Cependant, plusieurs approches très prometteuses sont actuellement explorées :
- conception de nouveaux antigènes grâce à l'intelligence artificielle ;
- vaccins à ARN messager ;
- nanoparticules ;
- anticorps largement neutralisants (bNAbs) ;
- nouvelles stratégies destinées à stimuler simultanément les réponses des anticorps et des lymphocytes T.
Les chercheurs estiment que les futures générations de vaccins reposeront probablement sur la combinaison de plusieurs technologies afin d'obtenir une protection plus durable et plus efficace.
Une prévention qui ne peut réussir sans équité
La troisième présentation portait sur les communautés transgenres et l'importance d'une prévention véritablement inclusive.
Les données présentées montrent que les personnes trans restent disproportionnellement touchées par le VIH en raison de nombreux obstacles structurels : discrimination, précarité, difficultés d'accès aux soins, manque de données épidémiologiques et absence de prise en compte dans de nombreuses politiques publiques.
L'intervenante a défendu une approche intégrée de la prévention, dans laquelle les services d'affirmation de genre, le soutien psychologique, la santé sexuelle, les services sociaux et la prévention du VIH sont proposés ensemble.
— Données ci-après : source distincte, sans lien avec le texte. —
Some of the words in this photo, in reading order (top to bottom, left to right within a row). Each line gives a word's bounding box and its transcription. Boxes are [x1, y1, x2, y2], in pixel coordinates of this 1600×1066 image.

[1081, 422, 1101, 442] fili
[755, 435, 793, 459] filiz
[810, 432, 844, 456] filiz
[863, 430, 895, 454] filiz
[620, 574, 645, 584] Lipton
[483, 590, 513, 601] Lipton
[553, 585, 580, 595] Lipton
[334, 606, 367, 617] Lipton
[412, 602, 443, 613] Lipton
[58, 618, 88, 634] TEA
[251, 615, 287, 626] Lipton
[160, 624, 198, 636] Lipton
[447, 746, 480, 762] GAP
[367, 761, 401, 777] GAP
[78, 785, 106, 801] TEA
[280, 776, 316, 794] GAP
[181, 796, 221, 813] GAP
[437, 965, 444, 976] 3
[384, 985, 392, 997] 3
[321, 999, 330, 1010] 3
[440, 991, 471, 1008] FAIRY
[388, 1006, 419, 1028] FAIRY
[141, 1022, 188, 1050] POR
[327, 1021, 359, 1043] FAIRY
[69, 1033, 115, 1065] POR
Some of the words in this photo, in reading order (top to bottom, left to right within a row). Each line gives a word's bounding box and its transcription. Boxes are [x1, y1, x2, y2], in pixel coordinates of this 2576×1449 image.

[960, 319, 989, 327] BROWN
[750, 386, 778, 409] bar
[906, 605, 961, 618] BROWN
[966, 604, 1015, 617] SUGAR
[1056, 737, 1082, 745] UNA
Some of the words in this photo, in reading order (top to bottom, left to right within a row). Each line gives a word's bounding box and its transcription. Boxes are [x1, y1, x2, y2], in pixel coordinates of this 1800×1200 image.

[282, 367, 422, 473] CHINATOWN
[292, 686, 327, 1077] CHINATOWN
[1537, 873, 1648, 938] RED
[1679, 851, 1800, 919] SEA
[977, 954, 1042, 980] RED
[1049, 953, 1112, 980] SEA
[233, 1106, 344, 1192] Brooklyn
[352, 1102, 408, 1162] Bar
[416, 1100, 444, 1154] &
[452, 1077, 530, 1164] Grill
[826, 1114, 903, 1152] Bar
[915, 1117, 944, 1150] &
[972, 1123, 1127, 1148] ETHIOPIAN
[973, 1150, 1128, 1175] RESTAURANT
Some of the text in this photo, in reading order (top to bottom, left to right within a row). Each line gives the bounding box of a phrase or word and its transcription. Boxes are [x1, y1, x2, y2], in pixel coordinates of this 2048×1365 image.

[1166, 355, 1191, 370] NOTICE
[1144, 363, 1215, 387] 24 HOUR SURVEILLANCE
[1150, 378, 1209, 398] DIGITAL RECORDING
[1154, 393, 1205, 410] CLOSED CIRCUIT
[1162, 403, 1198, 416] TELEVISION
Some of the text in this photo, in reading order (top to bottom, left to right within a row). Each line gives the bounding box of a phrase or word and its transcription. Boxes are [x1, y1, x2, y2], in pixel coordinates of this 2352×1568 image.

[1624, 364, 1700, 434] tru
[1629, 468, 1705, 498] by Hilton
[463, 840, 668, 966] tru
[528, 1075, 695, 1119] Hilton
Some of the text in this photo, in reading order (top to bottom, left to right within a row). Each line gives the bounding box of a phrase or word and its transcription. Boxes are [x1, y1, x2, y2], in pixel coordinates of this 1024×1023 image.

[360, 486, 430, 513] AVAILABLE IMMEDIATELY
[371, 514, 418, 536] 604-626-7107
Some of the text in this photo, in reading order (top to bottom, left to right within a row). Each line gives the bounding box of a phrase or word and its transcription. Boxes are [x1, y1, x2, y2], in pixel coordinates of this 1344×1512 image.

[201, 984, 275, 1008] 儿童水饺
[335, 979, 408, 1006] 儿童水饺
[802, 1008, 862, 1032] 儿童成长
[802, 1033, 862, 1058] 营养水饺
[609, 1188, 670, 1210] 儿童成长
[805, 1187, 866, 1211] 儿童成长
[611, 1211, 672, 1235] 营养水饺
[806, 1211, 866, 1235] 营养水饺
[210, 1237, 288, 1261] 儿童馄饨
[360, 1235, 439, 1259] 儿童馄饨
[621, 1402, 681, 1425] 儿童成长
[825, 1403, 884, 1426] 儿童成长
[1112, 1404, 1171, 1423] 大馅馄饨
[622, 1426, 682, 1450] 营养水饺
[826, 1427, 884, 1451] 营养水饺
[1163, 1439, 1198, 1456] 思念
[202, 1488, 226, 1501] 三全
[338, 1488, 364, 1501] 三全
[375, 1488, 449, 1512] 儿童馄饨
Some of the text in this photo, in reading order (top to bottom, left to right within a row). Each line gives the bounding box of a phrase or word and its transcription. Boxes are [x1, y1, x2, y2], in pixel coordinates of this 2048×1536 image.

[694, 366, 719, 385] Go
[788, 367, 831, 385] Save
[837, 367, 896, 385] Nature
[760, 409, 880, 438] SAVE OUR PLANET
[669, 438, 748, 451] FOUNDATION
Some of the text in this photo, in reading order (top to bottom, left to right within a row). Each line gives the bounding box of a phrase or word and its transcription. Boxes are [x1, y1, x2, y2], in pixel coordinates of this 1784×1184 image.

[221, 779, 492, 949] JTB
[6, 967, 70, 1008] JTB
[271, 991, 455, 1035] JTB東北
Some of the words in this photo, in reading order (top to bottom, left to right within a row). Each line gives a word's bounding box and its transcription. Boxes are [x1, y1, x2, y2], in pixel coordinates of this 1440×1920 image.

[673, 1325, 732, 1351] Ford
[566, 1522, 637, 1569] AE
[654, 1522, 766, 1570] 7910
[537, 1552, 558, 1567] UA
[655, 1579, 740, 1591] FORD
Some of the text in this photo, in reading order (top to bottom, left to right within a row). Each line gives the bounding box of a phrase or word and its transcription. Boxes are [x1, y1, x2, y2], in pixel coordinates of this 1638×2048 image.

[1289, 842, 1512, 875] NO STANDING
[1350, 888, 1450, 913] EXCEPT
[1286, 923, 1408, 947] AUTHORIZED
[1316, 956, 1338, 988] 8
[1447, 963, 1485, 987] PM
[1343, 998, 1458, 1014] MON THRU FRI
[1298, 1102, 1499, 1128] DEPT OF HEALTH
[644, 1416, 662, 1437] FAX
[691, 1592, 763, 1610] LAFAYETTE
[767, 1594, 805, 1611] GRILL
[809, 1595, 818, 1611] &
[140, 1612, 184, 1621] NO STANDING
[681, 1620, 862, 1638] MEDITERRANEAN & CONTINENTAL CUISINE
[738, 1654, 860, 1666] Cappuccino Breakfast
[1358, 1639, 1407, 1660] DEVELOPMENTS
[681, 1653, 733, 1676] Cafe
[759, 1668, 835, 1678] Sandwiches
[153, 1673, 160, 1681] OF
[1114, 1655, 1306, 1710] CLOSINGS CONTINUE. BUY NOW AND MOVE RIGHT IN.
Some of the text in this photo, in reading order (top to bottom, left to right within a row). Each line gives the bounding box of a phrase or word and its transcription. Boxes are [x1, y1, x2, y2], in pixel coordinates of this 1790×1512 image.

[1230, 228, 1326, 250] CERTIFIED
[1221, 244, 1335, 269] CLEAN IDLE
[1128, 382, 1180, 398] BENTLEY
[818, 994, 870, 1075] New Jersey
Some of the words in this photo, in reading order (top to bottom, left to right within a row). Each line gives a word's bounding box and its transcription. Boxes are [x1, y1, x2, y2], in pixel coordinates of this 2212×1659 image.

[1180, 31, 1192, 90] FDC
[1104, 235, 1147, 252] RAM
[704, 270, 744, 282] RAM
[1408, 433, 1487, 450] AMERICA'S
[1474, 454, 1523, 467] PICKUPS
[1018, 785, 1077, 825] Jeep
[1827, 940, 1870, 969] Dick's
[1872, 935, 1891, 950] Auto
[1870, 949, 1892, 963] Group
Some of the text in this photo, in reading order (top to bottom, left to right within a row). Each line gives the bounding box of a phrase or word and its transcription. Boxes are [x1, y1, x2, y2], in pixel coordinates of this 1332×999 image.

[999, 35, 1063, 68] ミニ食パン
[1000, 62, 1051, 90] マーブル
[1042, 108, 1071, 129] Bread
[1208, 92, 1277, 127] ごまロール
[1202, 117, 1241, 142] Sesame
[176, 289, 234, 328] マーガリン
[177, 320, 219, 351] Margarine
Les résultats présentés montrent que lorsque ces services sont intégrés, les personnes trans accèdent plus facilement au dépistage, à la PrEP, aux traitements antirétroviraux et obtiennent de meilleurs résultats de santé. Elle a rappelé que l'accès aux soins d'affirmation de genre constitue également un outil majeur de prévention du VIH.
En résumé
Cette séance plénière a montré que les connaissances scientifiques nécessaires pour réduire fortement les nouvelles infections par le VIH existent déjà. Les prochaines années dépendront principalement de la capacité des gouvernements, des systèmes de santé et des communautés à maintenir les investissements dans la prévention, à développer de nouvelles approches vaccinales et à garantir un accès équitable aux innovations pour toutes les populations concernées.